■ **Data entries**:

*** Begin section ***

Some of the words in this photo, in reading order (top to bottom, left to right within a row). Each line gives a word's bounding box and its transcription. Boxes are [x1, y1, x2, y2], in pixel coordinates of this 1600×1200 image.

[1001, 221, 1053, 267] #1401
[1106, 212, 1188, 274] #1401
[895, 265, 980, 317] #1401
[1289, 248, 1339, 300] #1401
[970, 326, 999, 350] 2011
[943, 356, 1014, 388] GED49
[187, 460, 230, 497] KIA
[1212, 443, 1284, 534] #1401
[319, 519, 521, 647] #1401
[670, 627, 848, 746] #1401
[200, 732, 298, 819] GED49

*** End section ***

■ **Aim of the exercise**: Reproduce each line above exactly.

■ **Written answer**:
Some of the words in this photo, in reading order (top to bottom, left to right within a row). Each line gives a word's bounding box and its transcription. Boxes are [x1, y1, x2, y2], in pixel coordinates of this 1600×1200 image.

[1001, 221, 1053, 267] #1401
[1106, 212, 1188, 274] #1401
[895, 265, 980, 317] #1401
[1289, 248, 1339, 300] #1401
[970, 326, 999, 350] 2011
[943, 356, 1014, 388] GED49
[187, 460, 230, 497] KIA
[1212, 443, 1284, 534] #1401
[319, 519, 521, 647] #1401
[670, 627, 848, 746] #1401
[200, 732, 298, 819] GED49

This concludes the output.